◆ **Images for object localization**
=== Section Start ===

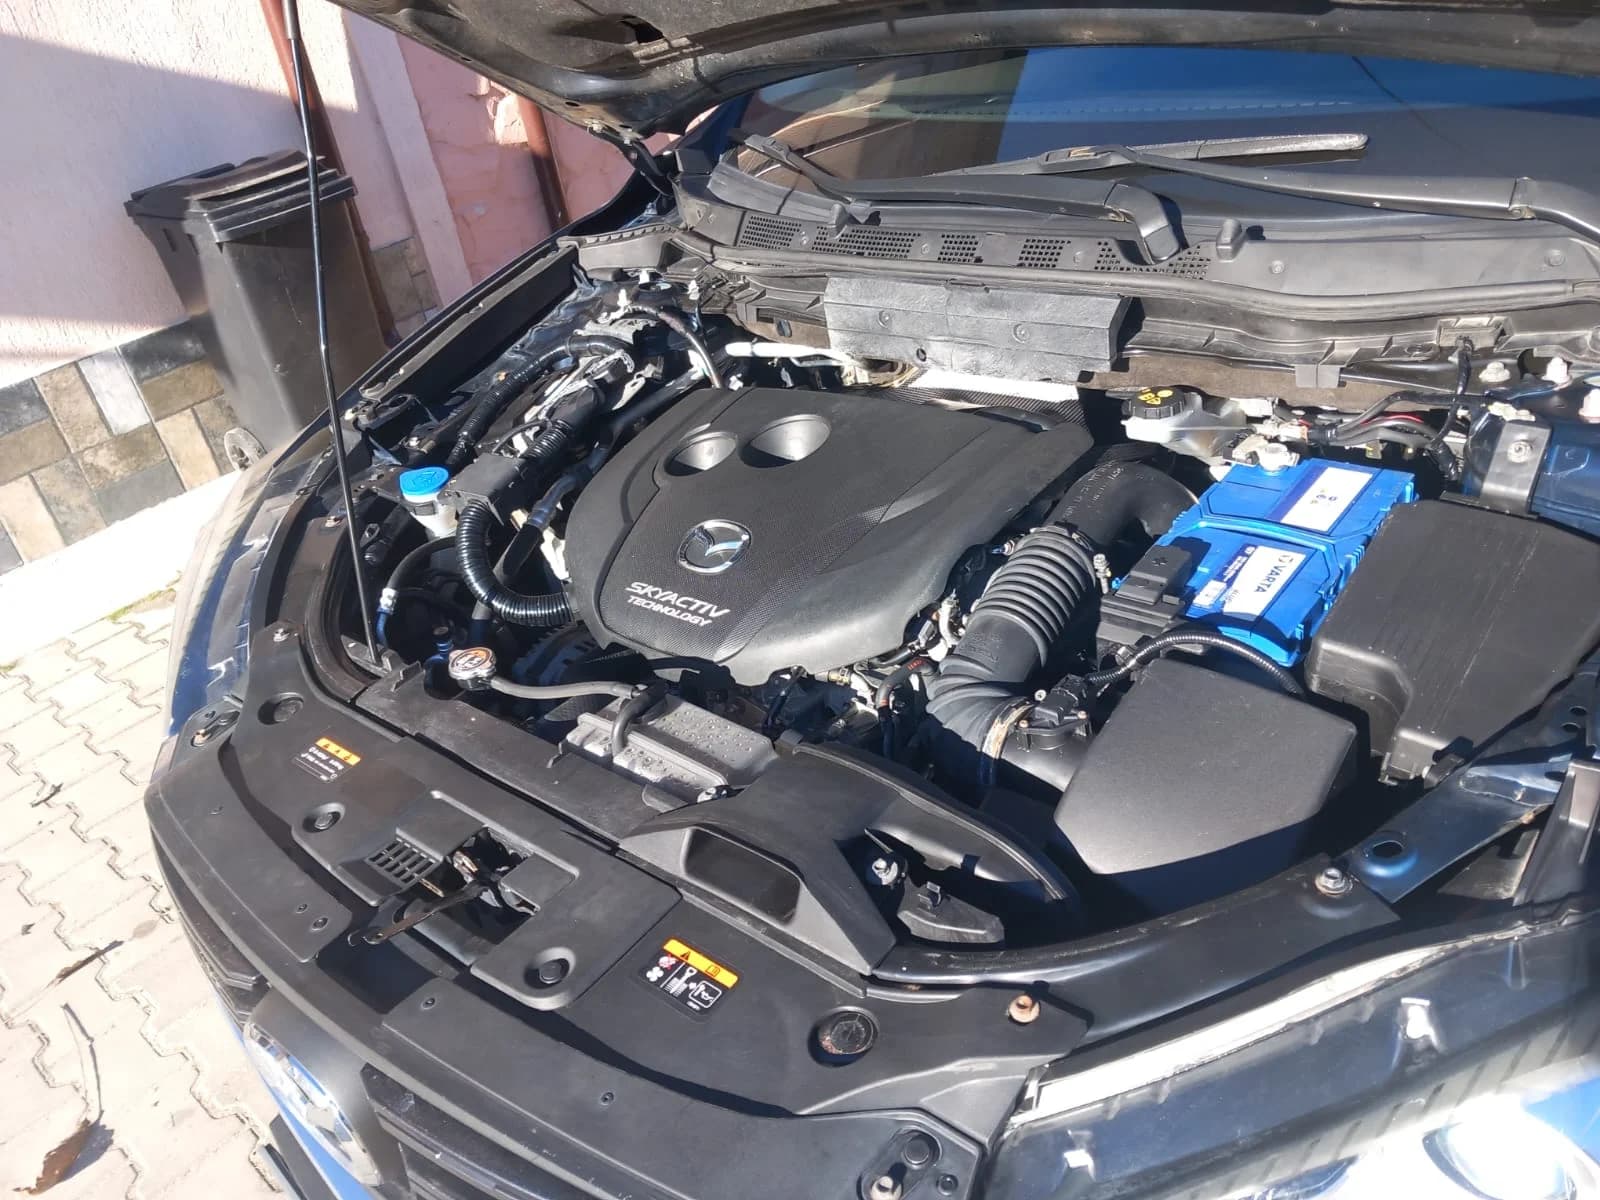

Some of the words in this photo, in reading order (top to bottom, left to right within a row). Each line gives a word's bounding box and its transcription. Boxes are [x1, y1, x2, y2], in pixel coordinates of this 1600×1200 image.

[1254, 565, 1288, 593] VARTA
[625, 581, 731, 618] SKYACTIV
[627, 595, 713, 627] TECHNOLOGY
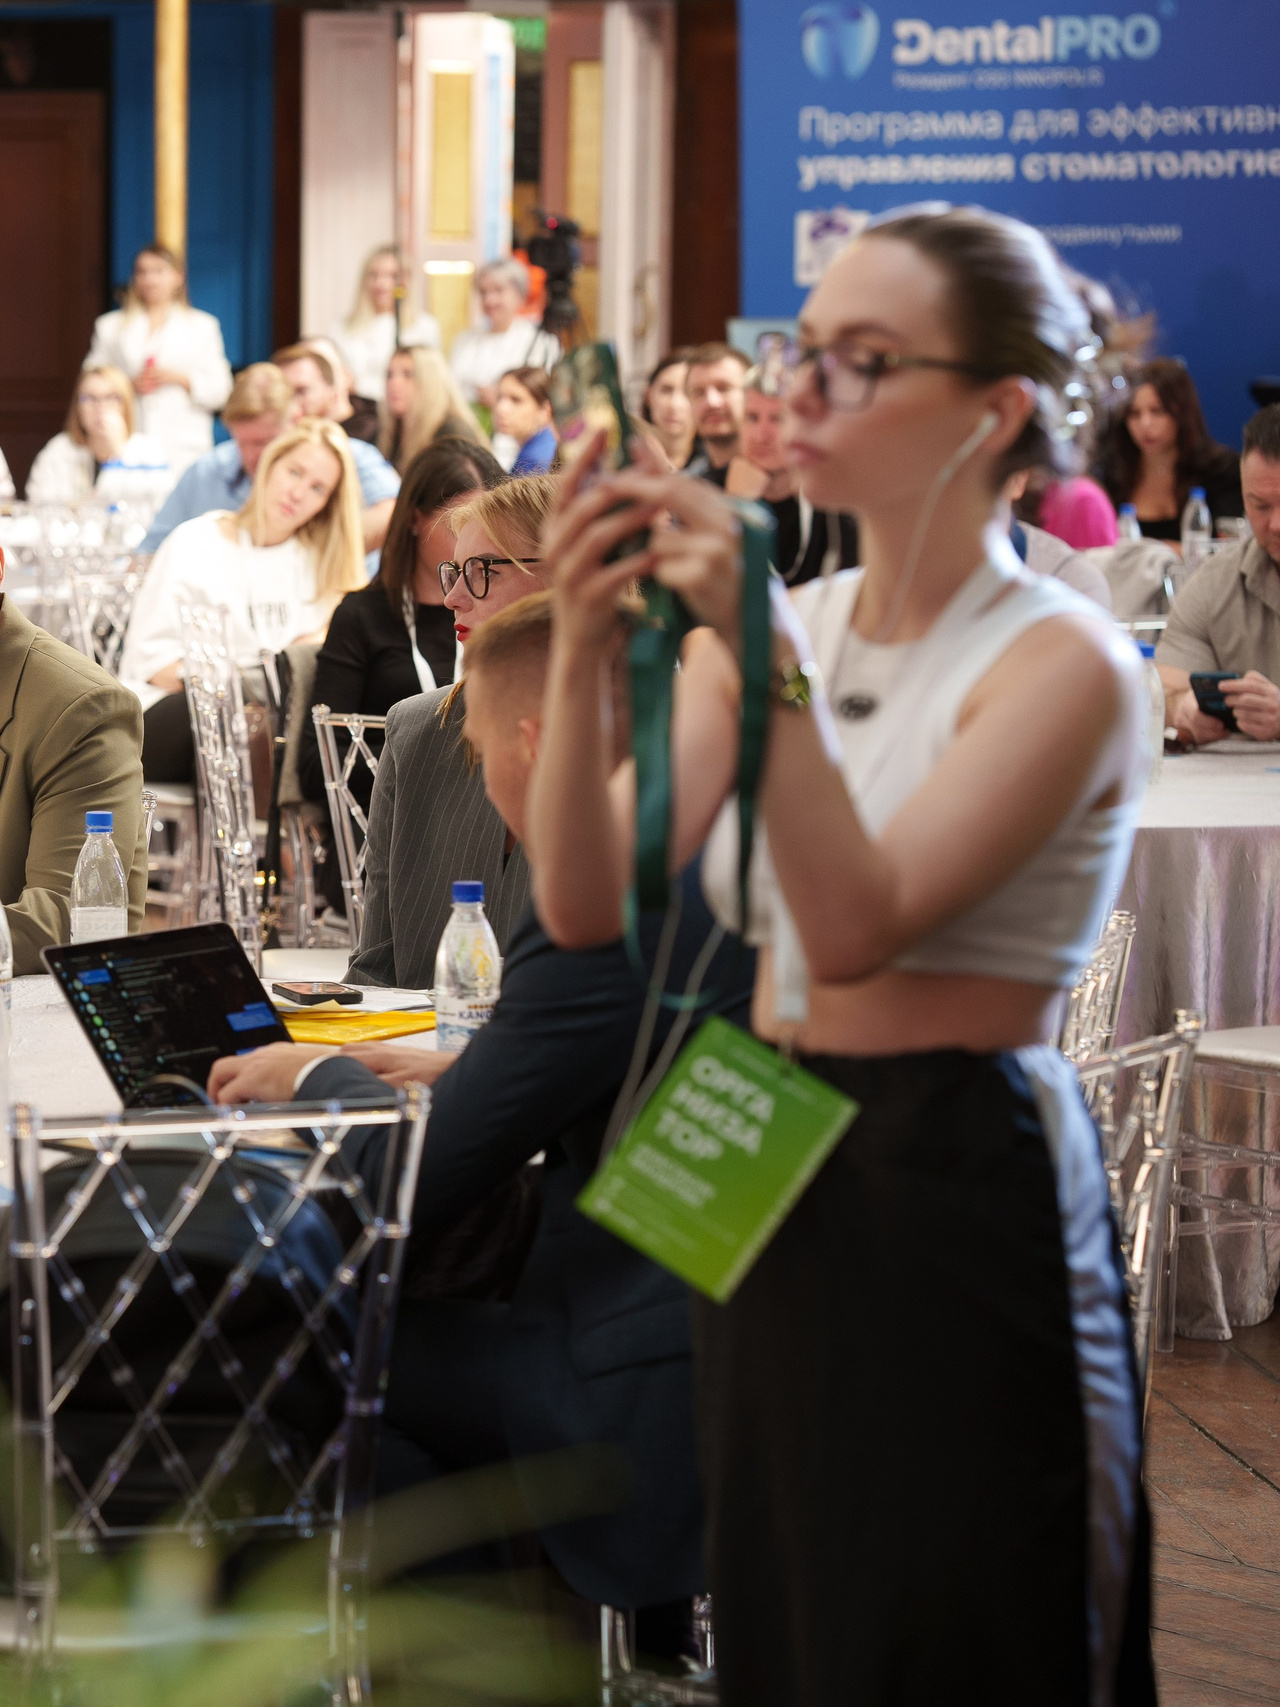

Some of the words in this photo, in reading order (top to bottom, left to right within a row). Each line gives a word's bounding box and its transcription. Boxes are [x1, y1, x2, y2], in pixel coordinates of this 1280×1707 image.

[893, 14, 1161, 65] DentalPRO
[799, 106, 1004, 148] Программа
[1008, 108, 1079, 144] для
[796, 153, 1016, 192] управления
[458, 1009, 495, 1020] KANG

=== Section End ===

Set down exactly, and only, the lines from the one containing "this 1280×1707 image." to the final line of the data.

Some of the words in this photo, in reading order (top to bottom, left to right within a row). Each line gives a word's bounding box and its transcription. Boxes are [x1, y1, x2, y2], in pixel coordinates of this 1280×1707 image.

[893, 14, 1161, 65] DentalPRO
[799, 106, 1004, 148] Программа
[1008, 108, 1079, 144] для
[796, 153, 1016, 192] управления
[458, 1009, 495, 1020] KANG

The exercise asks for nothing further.